__Task goal__:
All lines from the one containing "this 1512×1344 image." down to the one containing "this 1920×1440 image.", both ends included, are to be given again exactly; omit the rest of the listing below.

__Given records__:
= Beginning of Section =
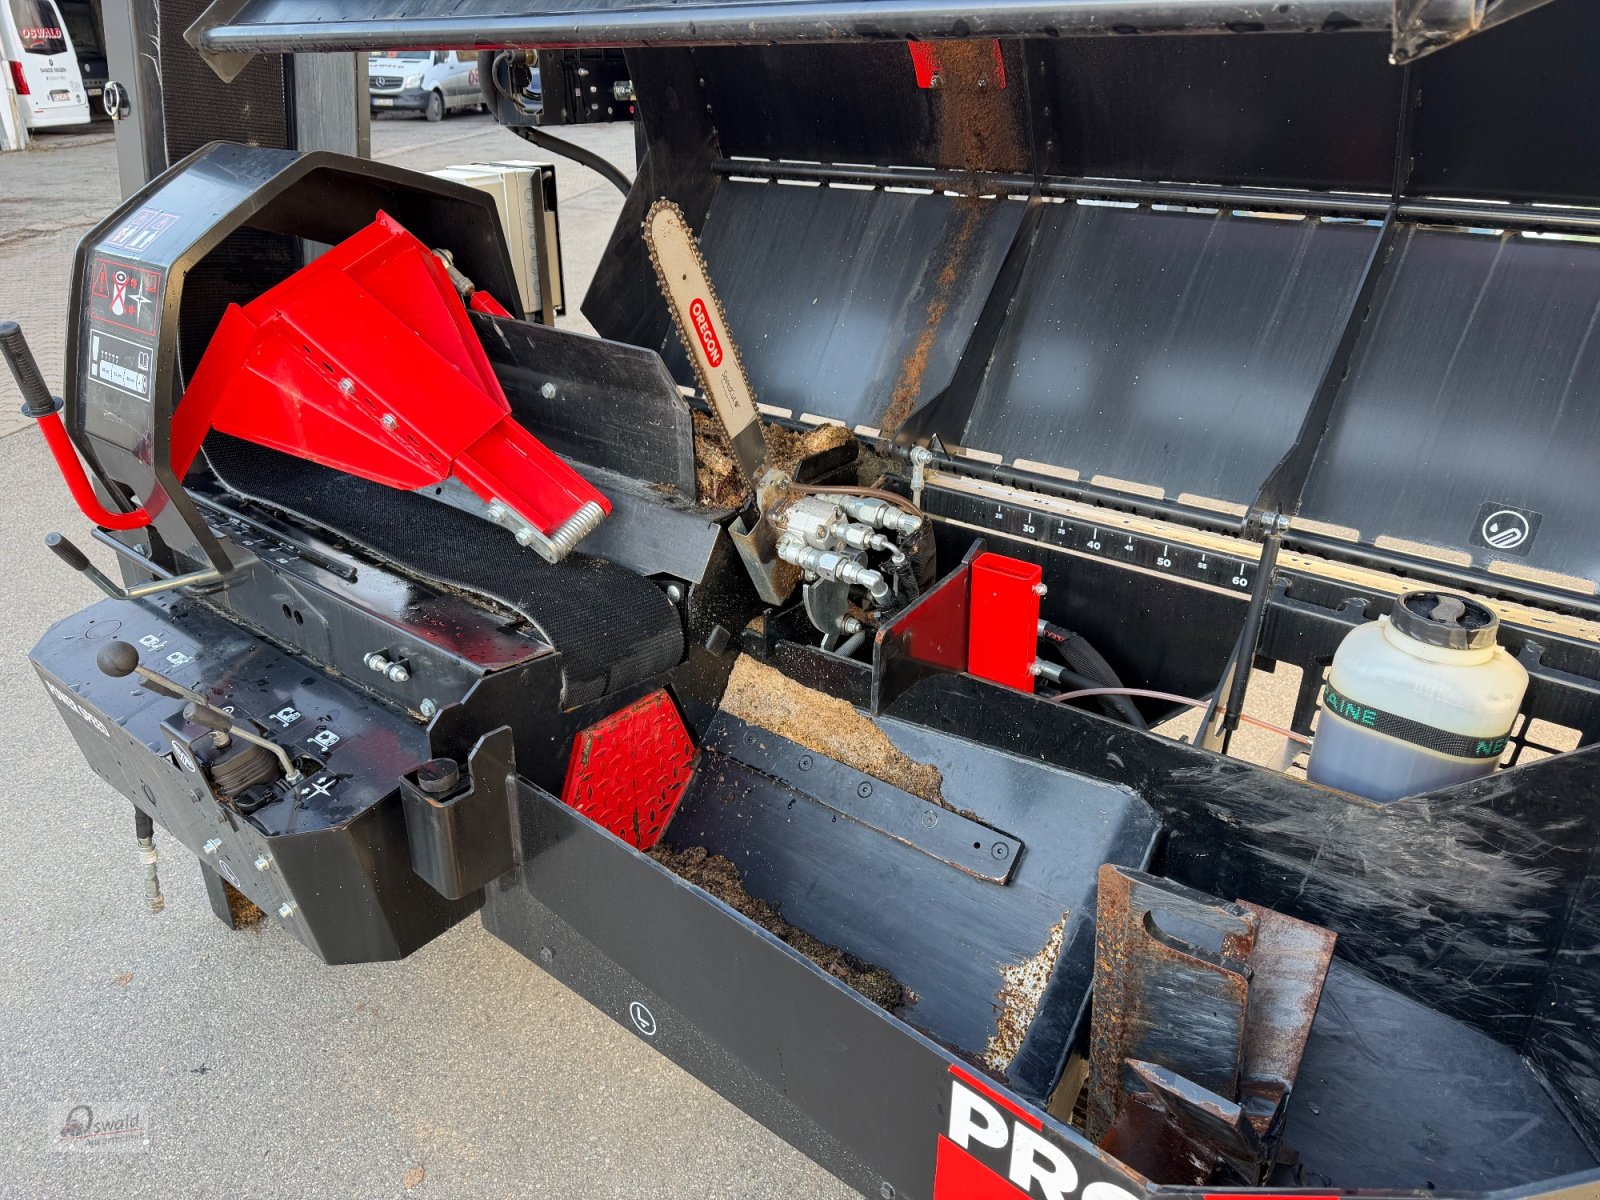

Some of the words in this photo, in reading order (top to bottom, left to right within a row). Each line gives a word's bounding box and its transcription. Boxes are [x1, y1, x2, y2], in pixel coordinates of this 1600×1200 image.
= End of Section =
= Beginning of Section =
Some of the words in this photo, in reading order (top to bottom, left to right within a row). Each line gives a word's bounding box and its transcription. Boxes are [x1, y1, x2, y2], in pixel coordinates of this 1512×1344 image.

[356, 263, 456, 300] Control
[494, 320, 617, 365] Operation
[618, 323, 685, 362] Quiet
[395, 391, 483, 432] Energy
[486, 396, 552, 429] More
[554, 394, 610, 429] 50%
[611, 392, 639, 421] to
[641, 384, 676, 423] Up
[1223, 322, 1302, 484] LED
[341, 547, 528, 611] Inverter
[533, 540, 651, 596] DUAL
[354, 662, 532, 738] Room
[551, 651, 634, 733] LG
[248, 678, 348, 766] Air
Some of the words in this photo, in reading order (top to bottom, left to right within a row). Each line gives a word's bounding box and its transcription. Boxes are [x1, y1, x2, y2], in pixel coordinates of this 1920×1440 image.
= End of Section =
__Written solution__:
Some of the words in this photo, in reading order (top to bottom, left to right within a row). Each line gives a word's bounding box and its transcription. Boxes are [x1, y1, x2, y2], in pixel coordinates of this 1512×1344 image.

[356, 263, 456, 300] Control
[494, 320, 617, 365] Operation
[618, 323, 685, 362] Quiet
[395, 391, 483, 432] Energy
[486, 396, 552, 429] More
[554, 394, 610, 429] 50%
[611, 392, 639, 421] to
[641, 384, 676, 423] Up
[1223, 322, 1302, 484] LED
[341, 547, 528, 611] Inverter
[533, 540, 651, 596] DUAL
[354, 662, 532, 738] Room
[551, 651, 634, 733] LG
[248, 678, 348, 766] Air
Some of the words in this photo, in reading order (top to bottom, left to right within a row). Each line gives a word's bounding box and its transcription. Boxes are [x1, y1, x2, y2], in pixel coordinates of this 1920×1440 image.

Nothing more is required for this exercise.